この時、嬲られる偽の王の姿を見ていたガウルドの人々、そして魔法映像でその光景を見つめていた殆どのヒトクイの人々は自分達の抱いていた想いに疑問を持ち、そして自分達の本当の想いに気付いた。
何度か吹き飛ばされた偽の王を庇うように前に立ち思わずやめてくれと懇願した一人の男を皮切りに、ヒトクイの殆どの人々の心は一つになった。
次々と響き渡る偽りの王を倒そうとする男に浴びせられる、止めてくれという人々の声。それは懇願であり、もしかすると夜歩者に対しての贖罪でもあったのかもしれない。ガウルドの人々の声に夜歩者の目には涙が浮かんでいた。
ガウルドの人々の声にもっとも近くで王と接していたヒトクイの大臣達も、心の奥底では夜歩者の死刑に戸惑いこれでいいのかと心の奥底に追いやった疑問が浮かび上がってくる。
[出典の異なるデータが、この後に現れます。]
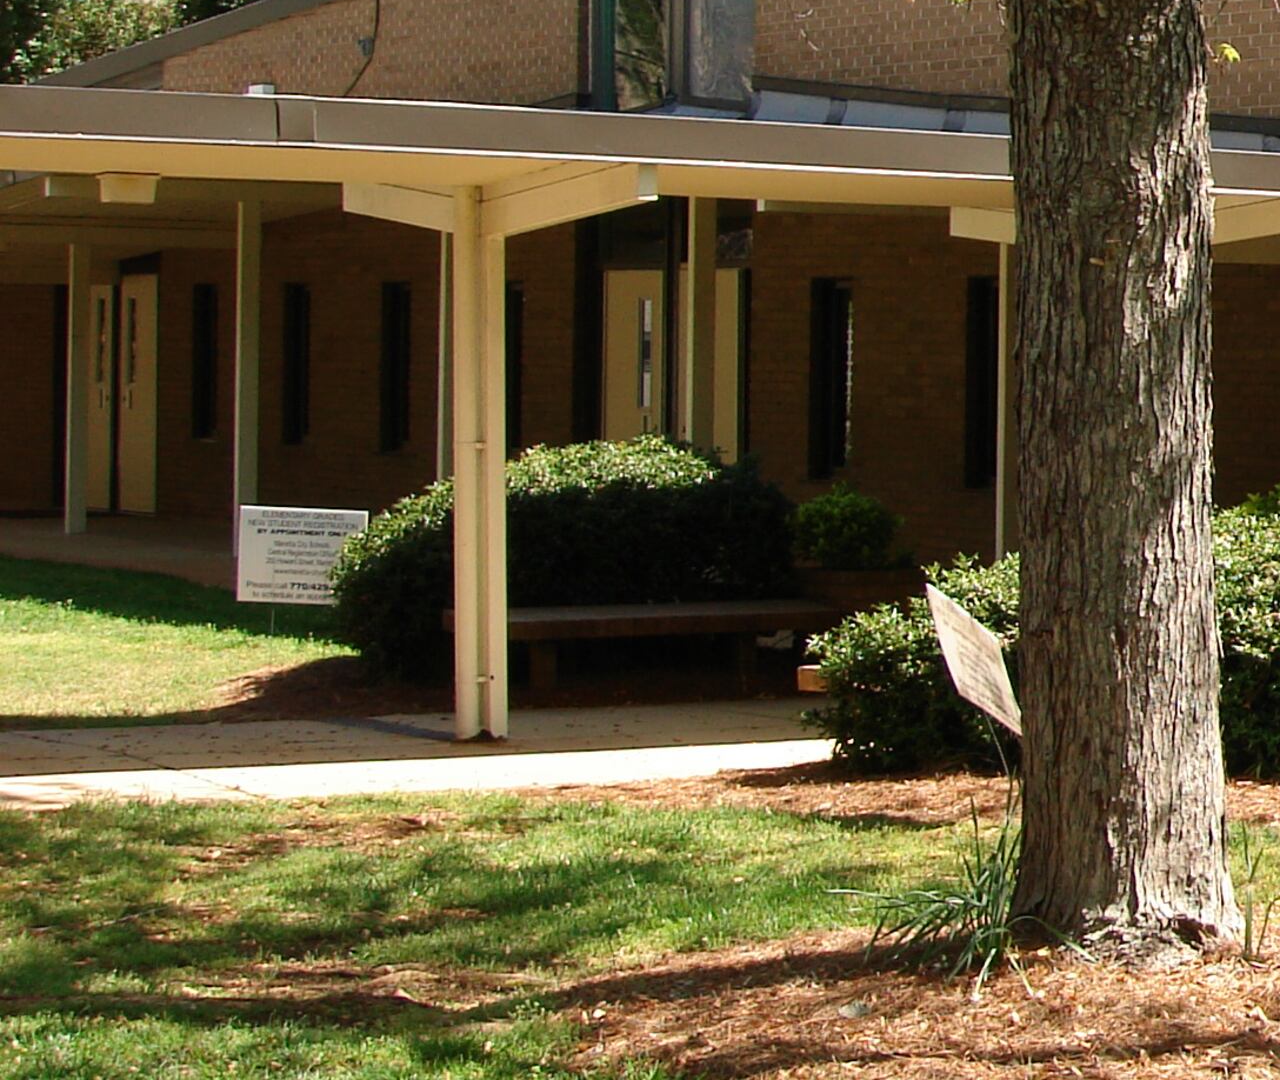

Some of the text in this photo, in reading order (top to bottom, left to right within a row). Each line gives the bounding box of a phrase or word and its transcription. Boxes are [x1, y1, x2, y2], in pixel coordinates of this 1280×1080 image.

それ故に闘技場の人々の声はヒトクイの大臣達の心の中で抱いていた戸惑いや疑問を吹き飛ばす後押しとなった。
その結果、夜歩者の処遇はほぼ処刑無効よりの一旦の保留という形で落ち着いた。一旦の保留というのは国で決めた決定事項を、掌を返すように変えてしまうのは、国としての信頼に関わるというものからであった。
歓喜に揺れる闘技場。ヒトクイの人々の心に生まれた黒い靄は晴れ渡り、そこにこれからのヒトクイに対しての希望が生まれてくる。姿形は変わってしまったが、闘技場の中心で泣きながら微笑む女性が、自分達が敬愛するこの国のヒトクイの王なのだと。たとえその者が夜歩者であったとしても関係無いのだと、人々は凛々しい姿から絶世の美女へと姿を変えたヒトクイの王に感謝を向けるのであった。
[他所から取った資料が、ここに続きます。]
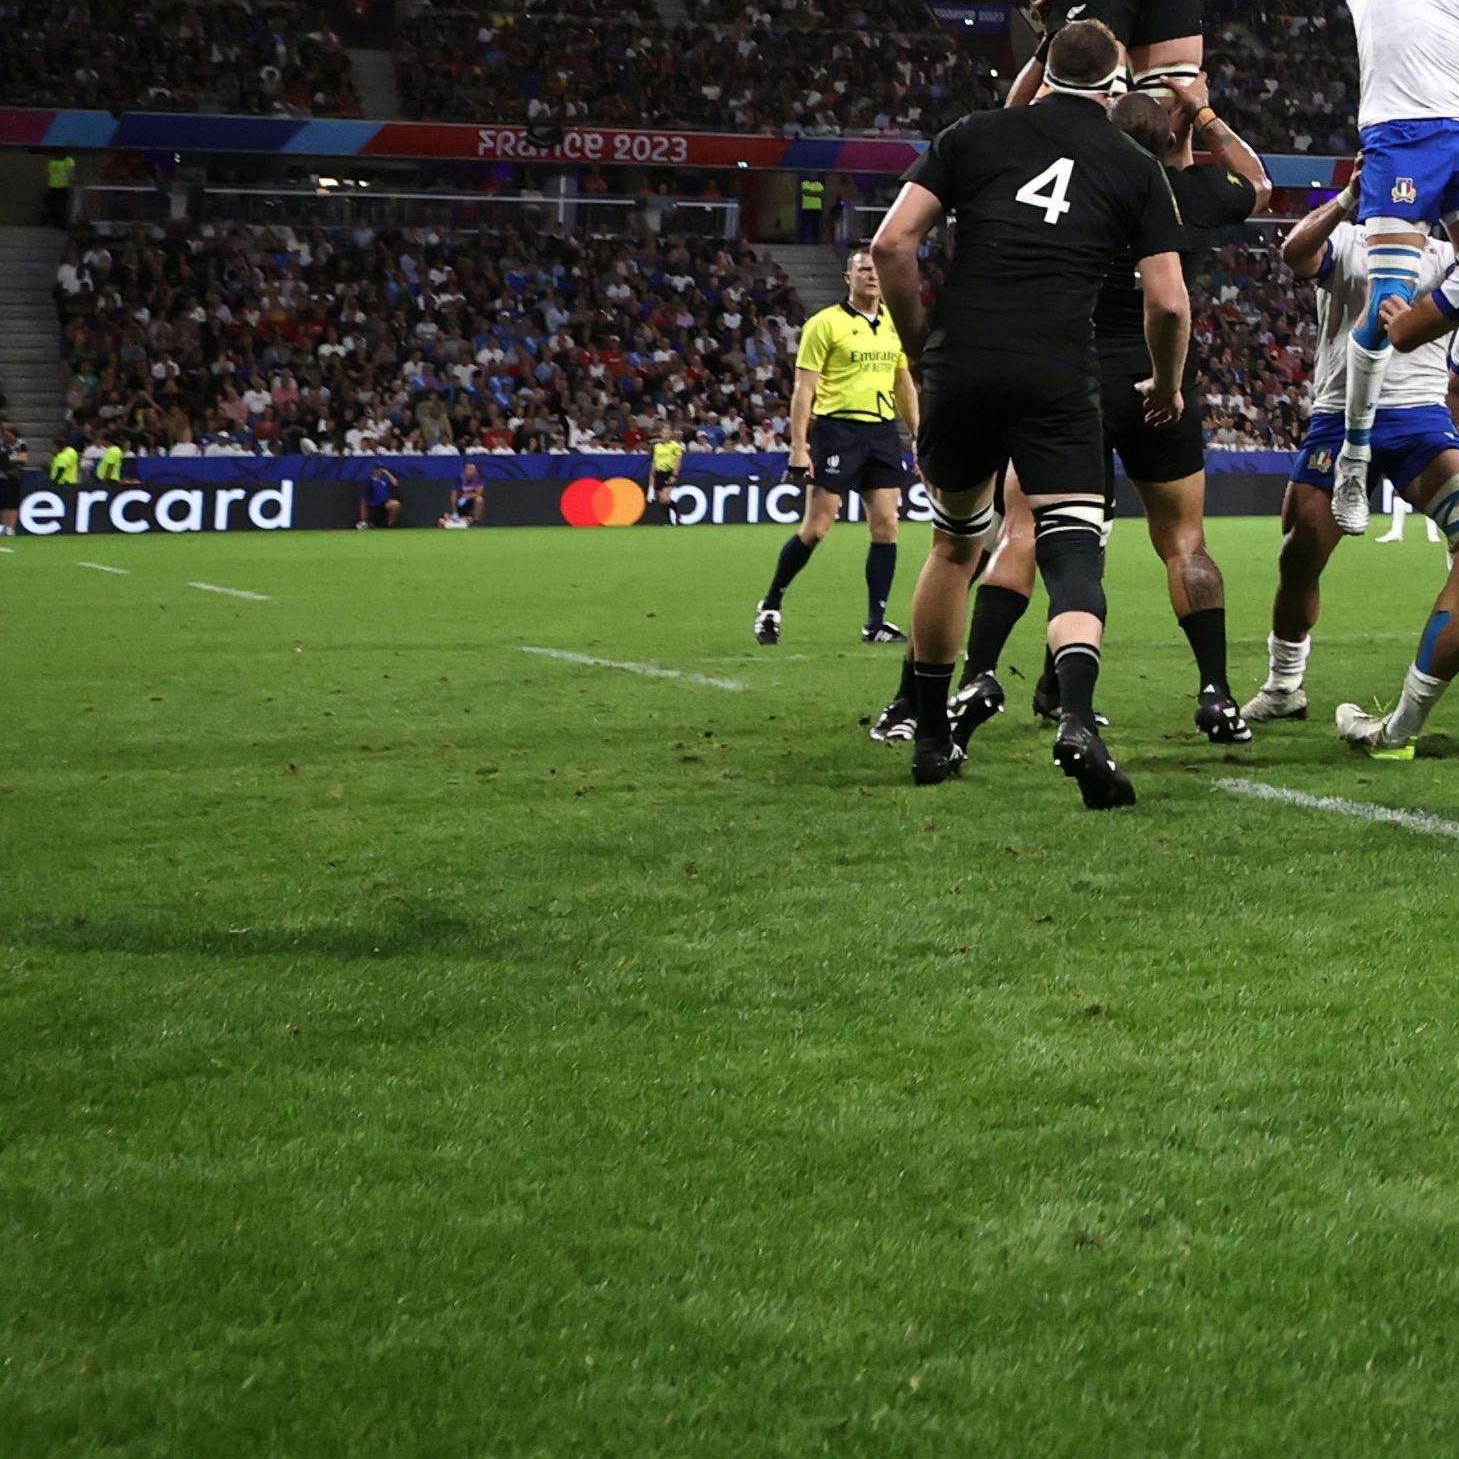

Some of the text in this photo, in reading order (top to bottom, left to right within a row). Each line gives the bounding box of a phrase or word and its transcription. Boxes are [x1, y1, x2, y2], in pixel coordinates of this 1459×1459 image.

[613, 134, 689, 163] 2023
[1015, 157, 1075, 225] 4
[851, 349, 898, 363] Emirate
[19, 479, 293, 535] ercard
新たな王の門出とも言える場の空気に、熱気を帯びる闘技場は比喩抜きで祭りと化していた。いつの間にか出店まで現れ初め、もうここで一体何が行われていたのかも分からない状態になっていた闘技場を、一人何が起こったのか理解できず取り残されたような表情でうろつく女性がキョロキョロと周囲を見渡していた。
「ど、どうすれば……全くこの状況についていけない……」
かつての故郷であるヒトクイに今はサイデリー王国の連絡兵としてやって来ていたピーランは、サイデリーにヒトクイの王が処刑されるという情報を伝えるため、数時間をかけて意思伝達魔法を使える魔法使いが待機している場所に向かい、サイデリーにその情報を送っていた。
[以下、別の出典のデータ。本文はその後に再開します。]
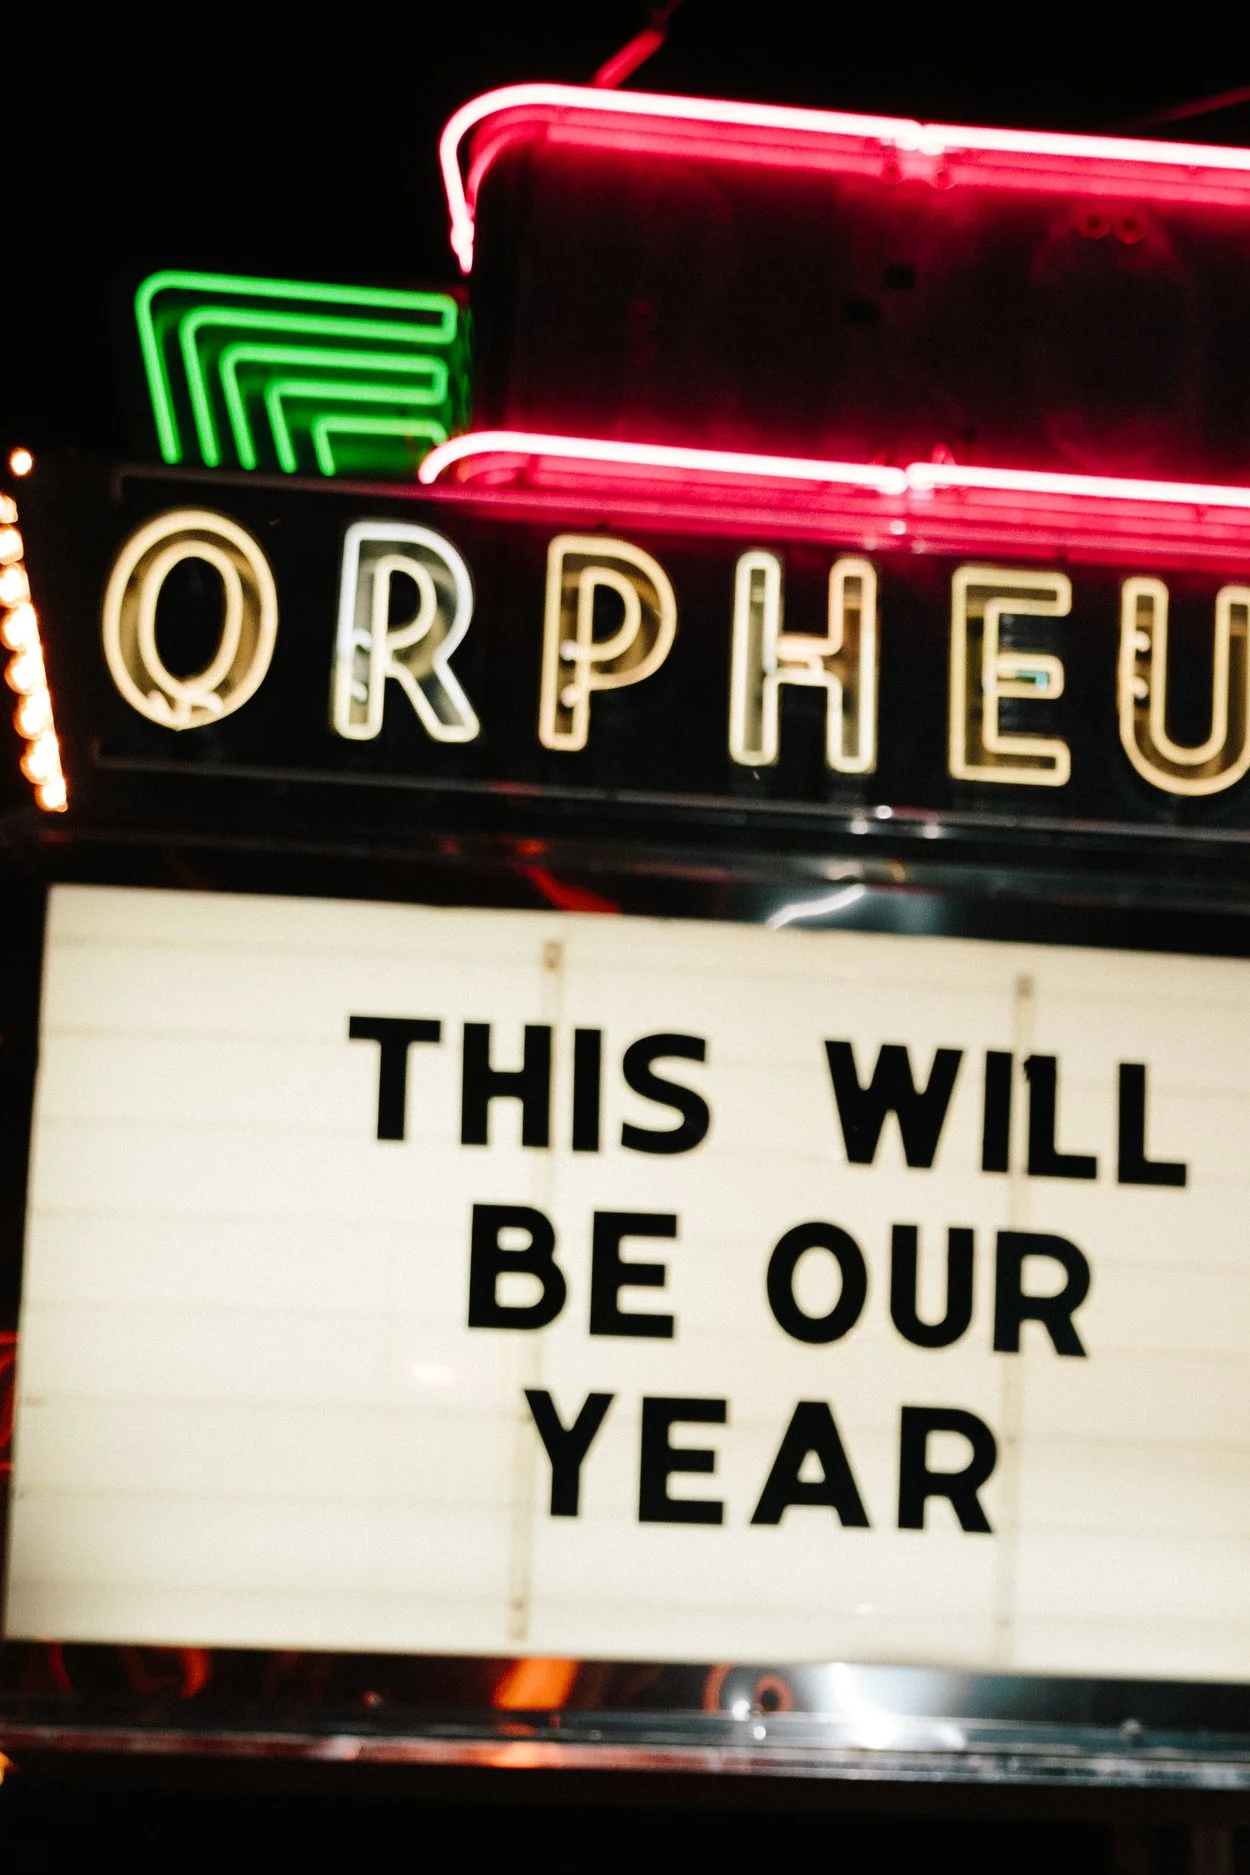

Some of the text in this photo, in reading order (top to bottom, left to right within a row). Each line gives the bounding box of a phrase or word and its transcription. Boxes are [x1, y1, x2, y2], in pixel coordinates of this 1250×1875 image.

[348, 1015, 1188, 1189] THIS WILL
[467, 1203, 1091, 1358] BE OUR
[523, 1389, 998, 1534] YEAR
それから数分後、サイデリーから連絡が返ってきた。その連絡はサイデリー王直々の言葉であり、それをヒトクイの大臣達に伝えるよう指示を受けたピーラン。
しかしその内容はピーランに緊張を抱かせた。その内容は下手をすれば、サイデリーとヒトクイの戦争に発展しかねない内容であったからだ。自分に与えられた役割の重さを心にとどめながら、ピーランはガウルドへ向けて走り出した。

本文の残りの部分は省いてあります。